O sargento foi buscar o baralho e Otávio então lembrou-se de avisar a mãe. Não queria outra cena ao chegar em casa. Jardel mudava a toalha da mesa, quando Dona Elizabeth surge trazendo em uma mão a calça e a cueca que Jardel usava no dia anterior e na outra, o celular.

– Jardel, de quem é isso aqui?

segunda-feira, 14 de abril de 2008

13. As vozes


Depois do telefonema, os pensamentos de Otávio estavam mais acelerados. Refez o percurso do dia anterior ligando para a sorveteria e para o supermercado. Ninguém havia encontrado o celular. Onde o teria perdido? Na rua?


Justamente quando se assinalou uma promessa de relacionamento, perdera o que poderia ser um canal privativo de comunicação entre ele e seu amante. Se bem que, depois de o sargento ter atendido ao telefone do filho, não tinha mais certeza de tal sossego e recato.

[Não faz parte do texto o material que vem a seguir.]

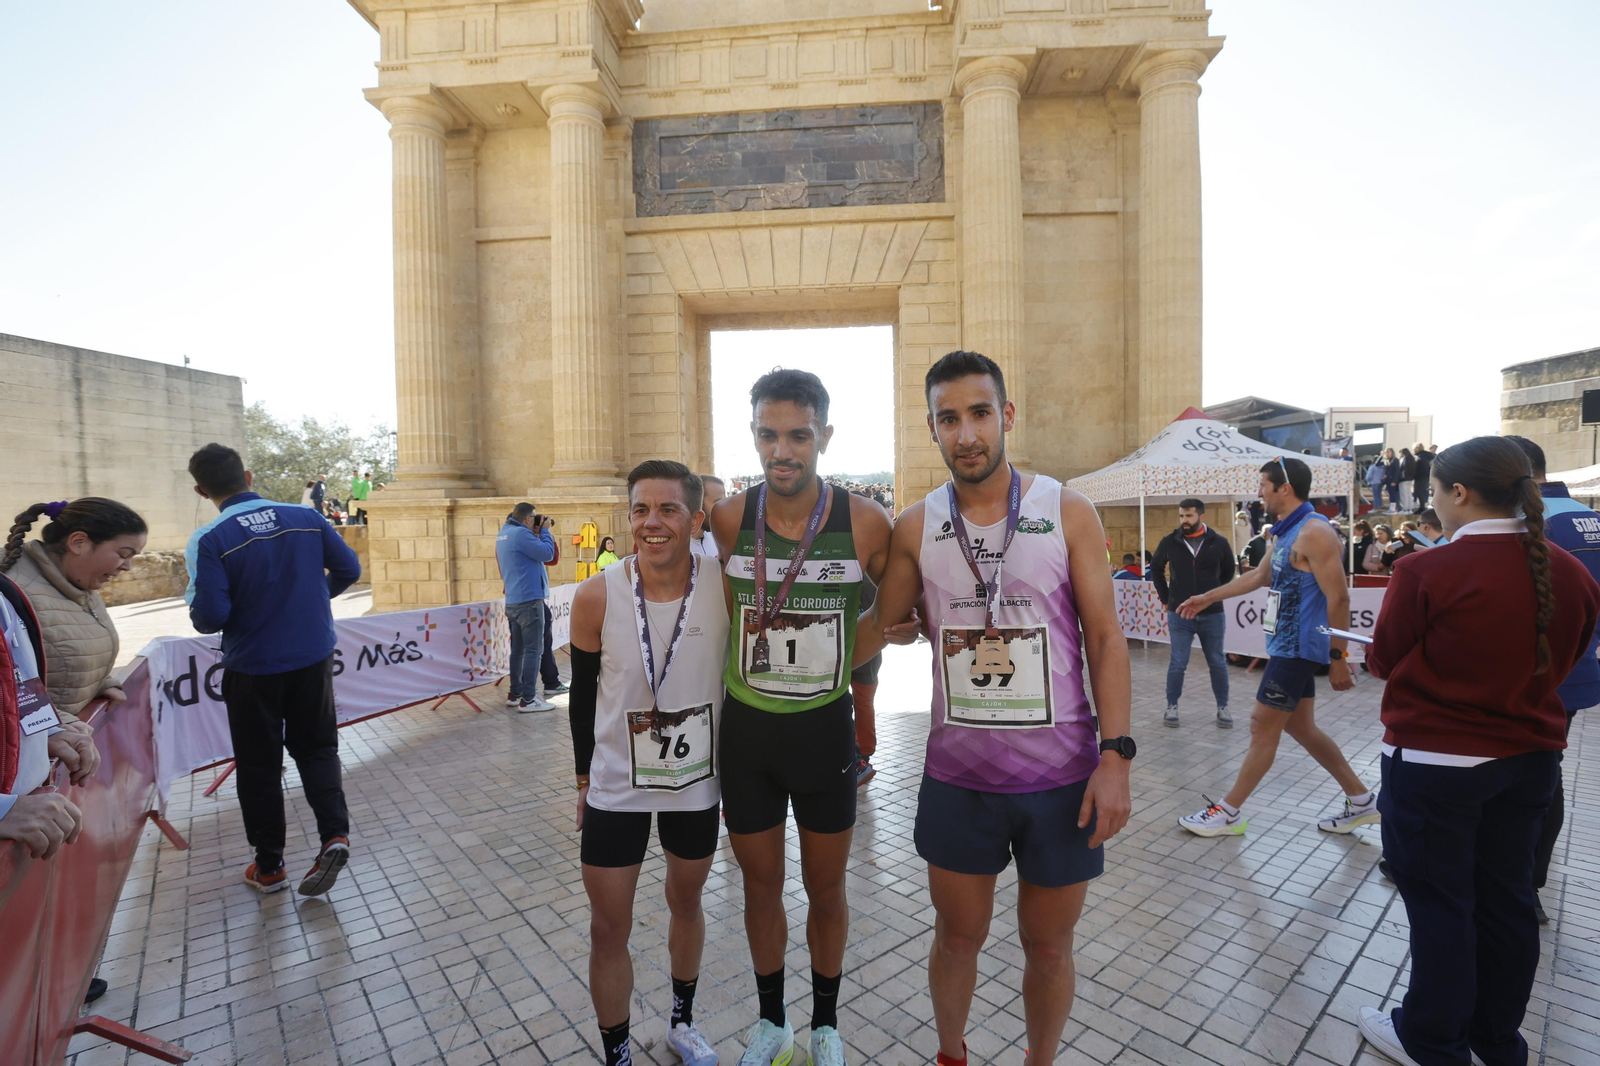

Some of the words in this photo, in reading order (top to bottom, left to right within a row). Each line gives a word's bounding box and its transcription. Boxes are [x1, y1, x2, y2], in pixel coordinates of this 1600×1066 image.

[1012, 485, 1020, 511] CORDOBA
[236, 508, 276, 527] STAFF
[810, 514, 819, 531] MEDIA
[961, 535, 973, 563] CORDOBA
[770, 603, 781, 619] MEDIA
[791, 547, 806, 575] CORDOBA
[793, 595, 847, 609] CORDOBÉS
[950, 599, 986, 610] DIPUTACIÓN
[999, 599, 1033, 607] ALBACETE
[1350, 610, 1374, 628] ES
[786, 639, 796, 665] 1
[27, 716, 52, 728] PRENSA
[658, 733, 691, 760] 76

De qualquer forma, não estar de posse de seu aparelho, angustiava-o e ele gostaria de saber o que esse extravio estava a significar. Então ouvia rumores. O caso não era mero acaso. Revelava coisas inconscientes e que, por escapar-lhe à razão, jamais saberia o que eram. Daí, sentindo-se ansioso demais, percebia que a possibilidade que se acenava o fragilizava e que, querendo ter domínio absoluto de tudo, cometia distrações que a qualquer hora poderiam levá-lo a xeque. Quando já se ia chafurdando em perturbações, buscava alívio em outros conselhos. Queria acreditar que tudo estava correndo bem. Afinal não acontecera o inesperado? Ele que, naquela cidade, vivia dias melancólicos com a perspectiva da solidão não tinha encontrado um rapaz que era uma esperança para suas fantasias?

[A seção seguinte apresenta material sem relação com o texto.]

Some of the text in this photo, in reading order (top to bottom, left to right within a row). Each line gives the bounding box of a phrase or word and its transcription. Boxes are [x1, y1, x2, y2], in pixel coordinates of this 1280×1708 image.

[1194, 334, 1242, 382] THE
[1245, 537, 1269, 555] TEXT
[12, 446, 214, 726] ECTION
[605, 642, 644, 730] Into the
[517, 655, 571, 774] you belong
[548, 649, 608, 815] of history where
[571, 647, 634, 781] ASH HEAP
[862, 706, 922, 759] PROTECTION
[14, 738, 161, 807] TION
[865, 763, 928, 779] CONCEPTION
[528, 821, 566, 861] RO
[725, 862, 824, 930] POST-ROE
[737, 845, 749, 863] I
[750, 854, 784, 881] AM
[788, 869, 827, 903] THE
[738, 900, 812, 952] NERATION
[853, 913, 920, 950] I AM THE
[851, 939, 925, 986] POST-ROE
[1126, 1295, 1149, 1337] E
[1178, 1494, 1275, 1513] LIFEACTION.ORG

Era pensar assim que lhe vinha assoprar aos ouvidos uma voz diversa das anteriores, picando-lhe o espírito e exigindo-lhe cuidados com o compromisso marcado para o início da noite. Por que Jardel agia tão de improviso? Gostaria de se encontrar com ele antes, combinar detalhes. Iria chegar totalmente desprotegido.

Mas como é da natureza de tais sugestões íntimas, elas têm lá seus meios visguentos e, antes que qualquer fato aconteça e que saibamos se pertence ao gênero da comédia, drama, tragédia, aventura, terror, suspense, propulsionam a gente. Eis que lhe Vinha uma outra incitação: mas perturbar-se com idéias fixas e antecipadas com o que pode acontecer em um jantar em que se vai conhecer os futuros sogros também não é um aspecto do controle?


Ele refletia, esquecia por alguns instantes os pressentimentos para, logo em seguida, os pensamentos retornarem misturando tudo.

segunda-feira, 7 de abril de 2008

12. Convite?


– Alô...

Não era Jardel. Era o sargento. Daria início à conversa ou ligaria outra hora? Que desagradável!

– Alôôô... Alôôô...

– Por favor, o Jardel...

– Quem gostaria?

Maldita insistência!

– Otávio.

– De onde?

Puta que o pariu!

– Olá, sargento, é o Otávio, da Prefeitura, como vai?

Pronto, tudo tinha desandado!

– Ah, oh, rapaz... Do gabinete do prefeito, não é? Como vai?

– Tudo bem...

– Só um minuto, vou chamar...

Ouviu-o chamando o filho. Sua mãe adentrou o quarto.

– Alô... Oi... Jardel... É...

A mãe saiu e deixou-se ficar no corredor.

– Jardel tudo bem? Desculpa incomodar, mas é que... Acho que esqueci o celular na sua casa...

– É mesmo? Não me diga! Onde?

– No quarto. Falou sussurrado.

– Como?

– No quarto... Ergueu a voz.

– Ah, sim... Escuta, acordou bem?

– Muito...

Ah, falta de privacidade! Poderia desfiar o que lhe ia pela alma?

O outro insistia:

– Será que você agüentaria outra noite como a de ontem?

Por que a pergunta? Parecia fazer questão de evidenciar que tinham se encontrado na noite anterior. O pai e a mãe não lhe ouviam?


Mesmo com esses pensamentos, seu espírito foi rápido:

– Não apenas outra... Quem dera todas e a última de minha vida fossem iguais!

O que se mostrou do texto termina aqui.